Q&A: The Benefit of Voting — Your Approach on the Matter
The Benefit of Voting — Your Approach on the Matter
Question
You wrote on the site several times that from a consequentialist standpoint there is no point in voting, because the chance that a single person’s vote will change anything is not something worth acting for [and you wrote that one should vote for a moral reason that I did not understand, and therefore I did not vote in the last election].
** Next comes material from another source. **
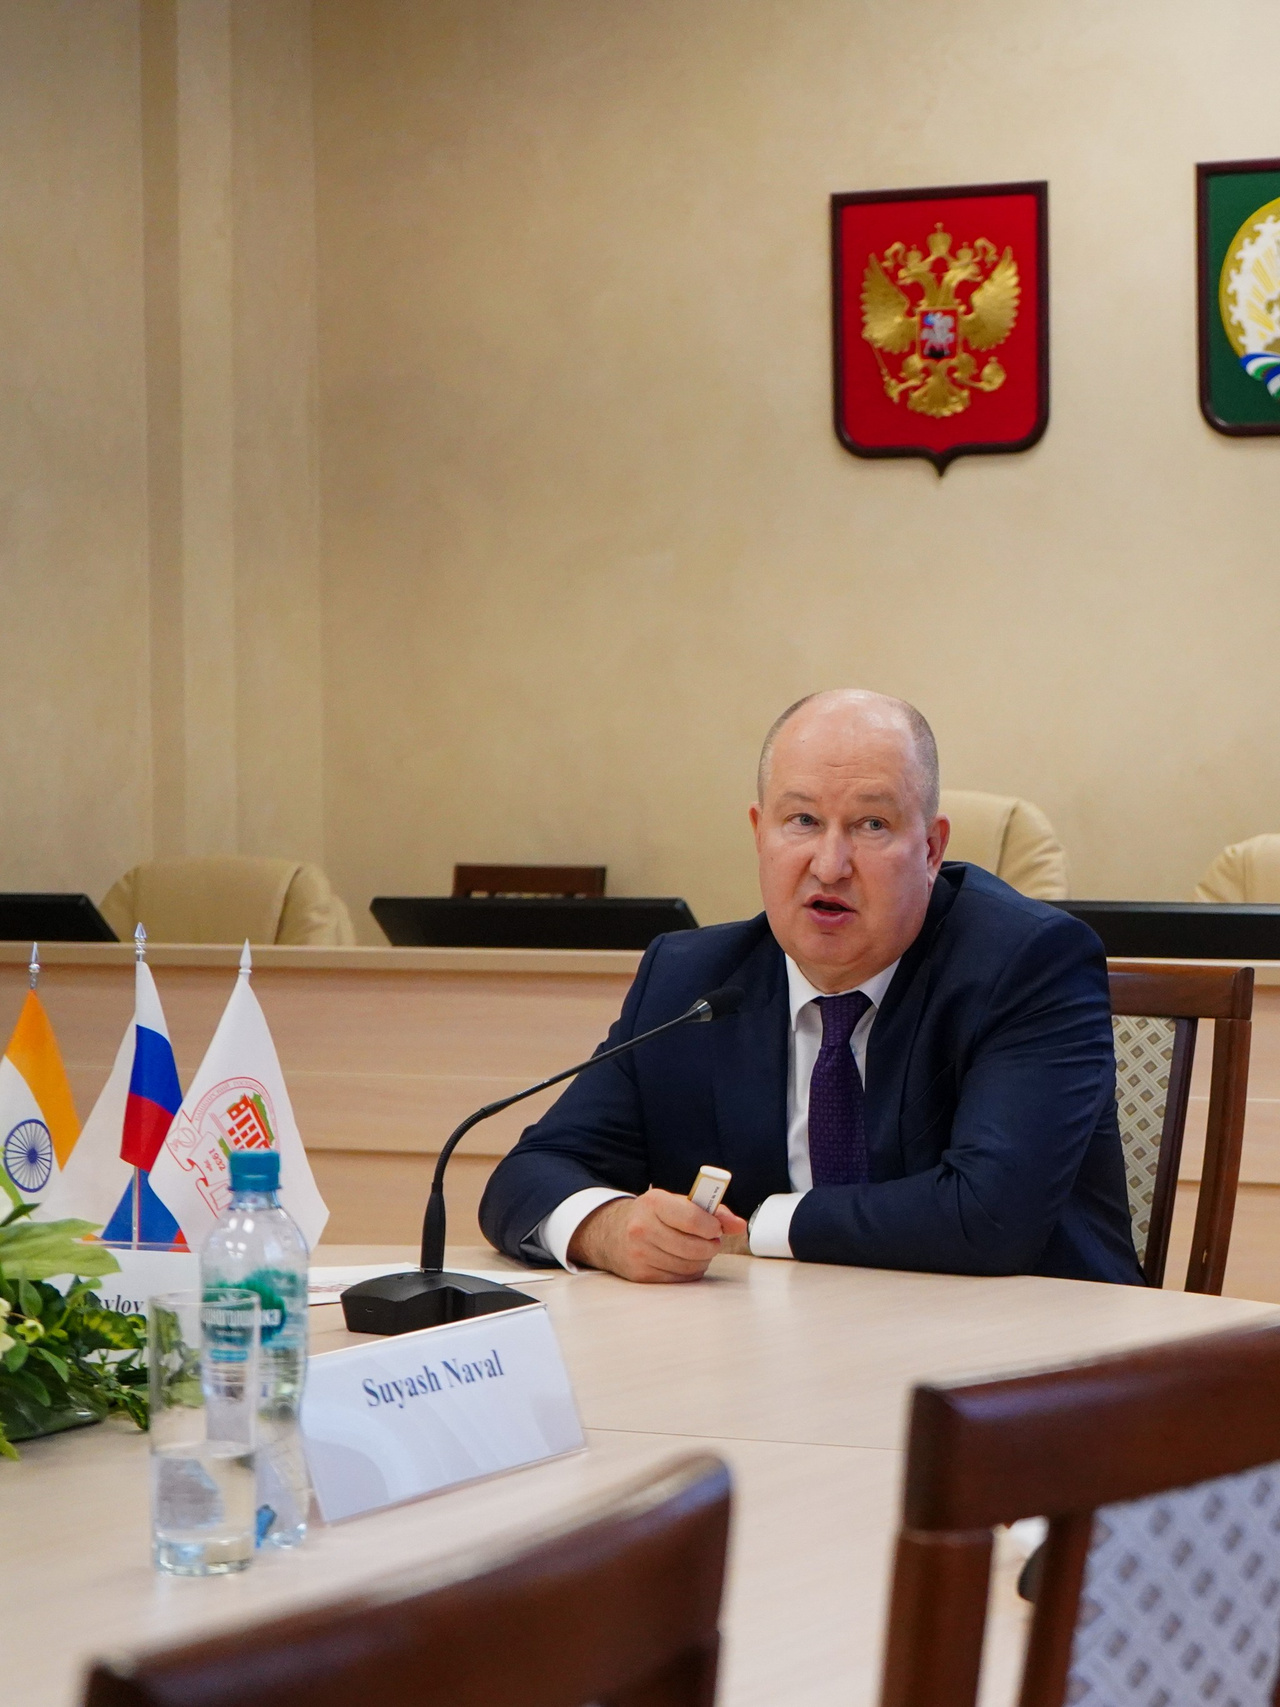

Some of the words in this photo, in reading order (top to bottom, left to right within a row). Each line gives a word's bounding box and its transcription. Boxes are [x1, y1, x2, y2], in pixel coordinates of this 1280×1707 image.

[208, 1148, 226, 1171] 1932
[103, 1294, 145, 1314] vlov
[362, 1365, 442, 1409] Suyash
[441, 1349, 504, 1388] Naval
But I think that a person who is concerned about the election results really should go vote for a consequentialist reason, because people do not usually take a risk regarding something they care about when the effort involved is small and negligible. For example, if someone knows that right now they are conducting a lottery among about 25,000-30,000 slips with people’s names on them, and whoever is picked has to pay [for example] twenty thousand shekels, but it is possible to come beforehand and remove his slip from the list, do you think many people would not make the negligible effort to remove their slip from the box so they will not be surprised later if their name is nevertheless drawn in the lottery?
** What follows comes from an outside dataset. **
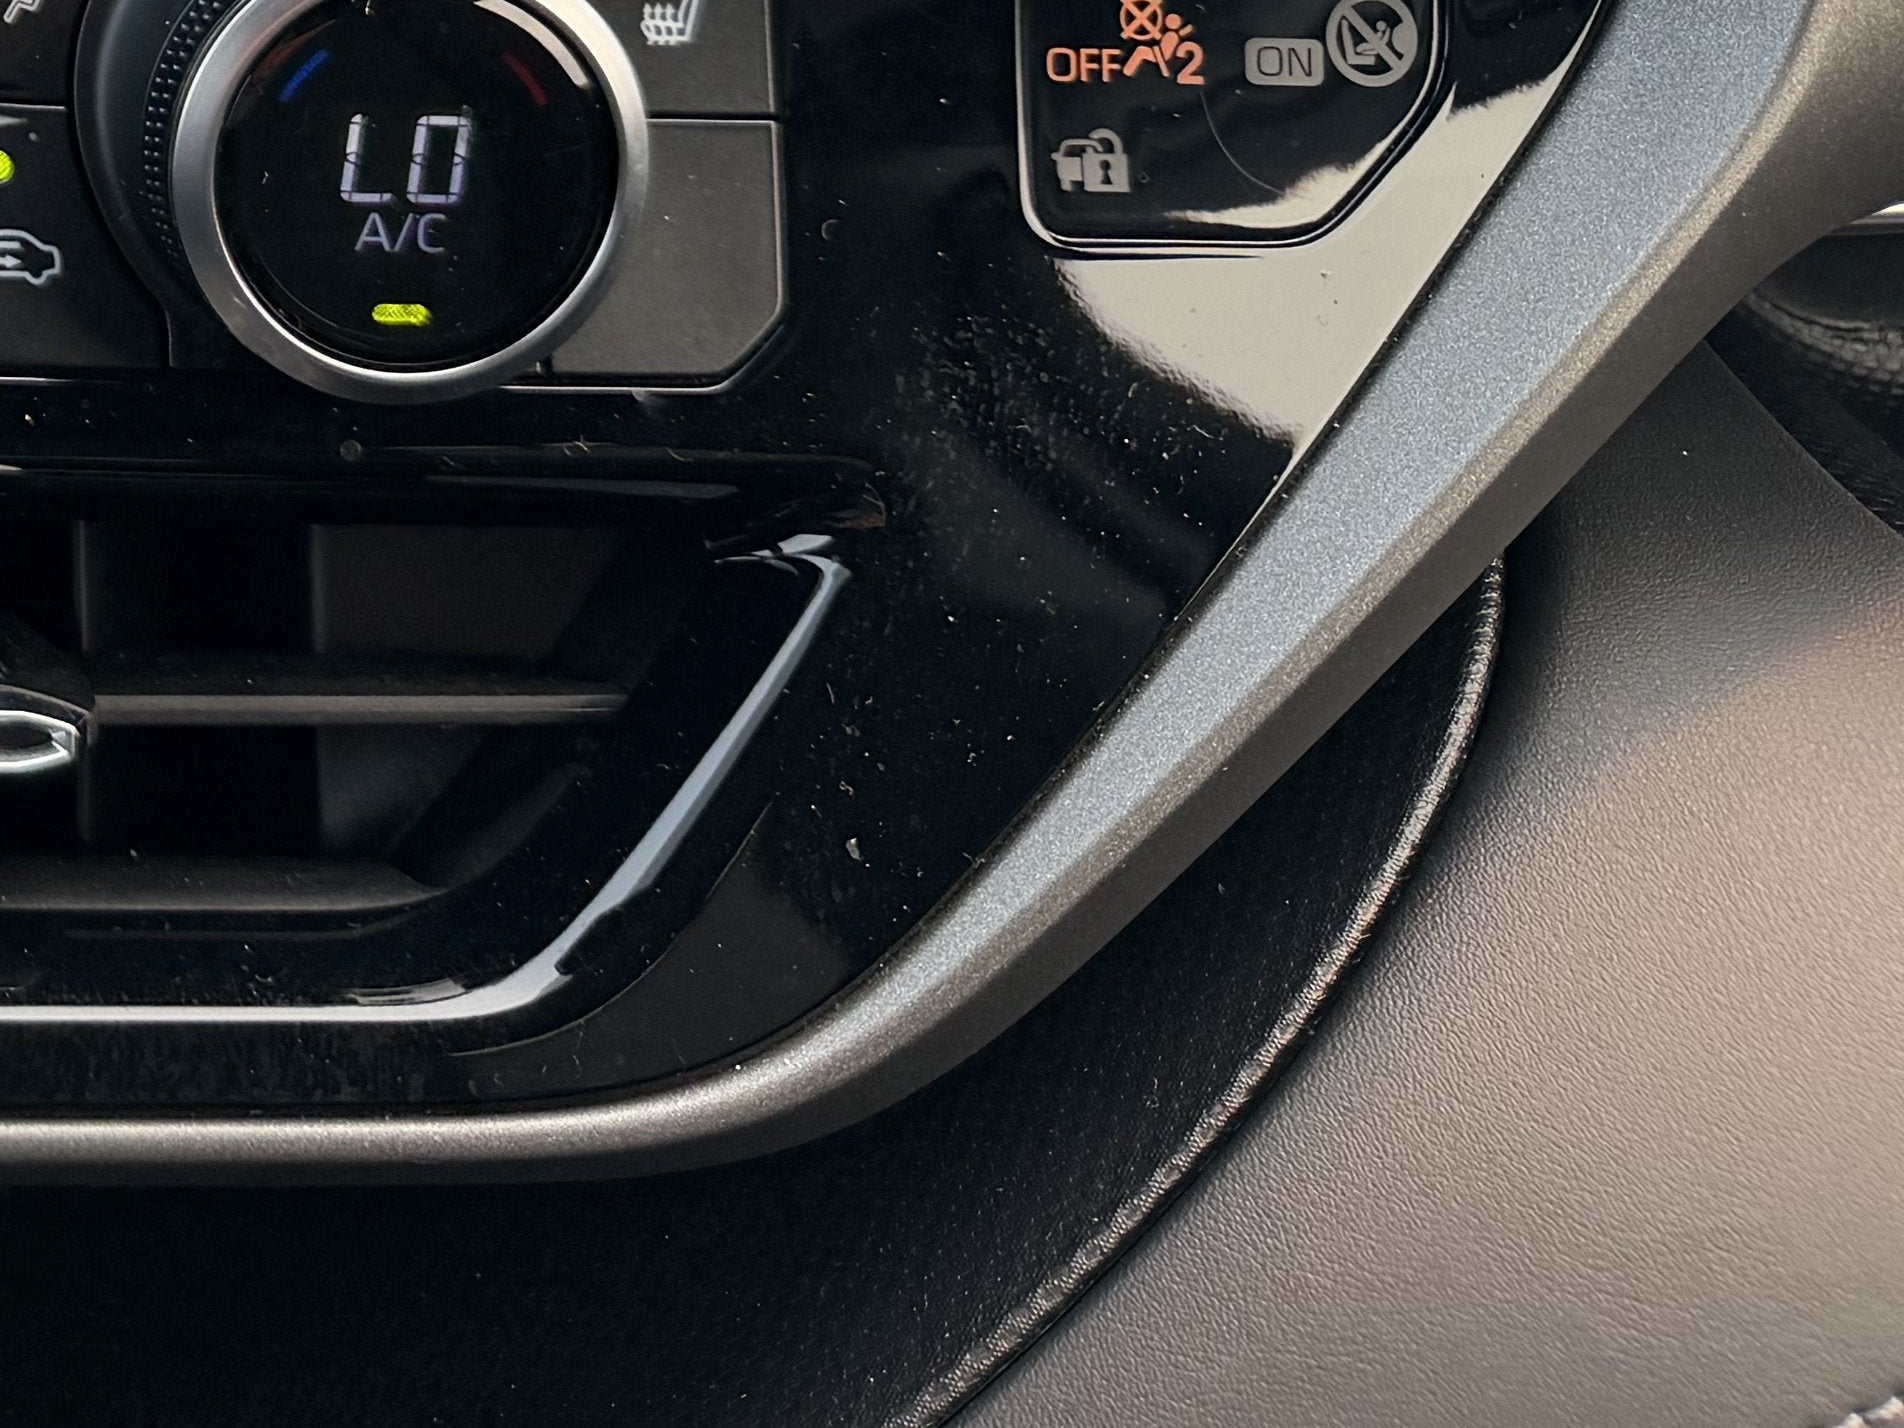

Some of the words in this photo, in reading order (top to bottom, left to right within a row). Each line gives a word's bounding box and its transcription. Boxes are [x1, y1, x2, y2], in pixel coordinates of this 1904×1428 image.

[1046, 46, 1123, 83] OFF
[1257, 46, 1313, 78] ON
[339, 112, 472, 204] LO
[354, 211, 448, 256] A/C
And as for the fact that people are not worried about car accidents, it seems to me that the probability there is still much lower than one in thirty thousand, and also that this is something one cannot conduct oneself around out of that fear, so one has to take the risk. But with something that comes as a one-time event and could lead to consequences that a person very much wants to prevent, even a remote chance is worthwhile for him to make the effort to prevent it.
Answer
So vote. I don’t have a criterion for measuring the effort against the payoff. Each person makes his own calculations.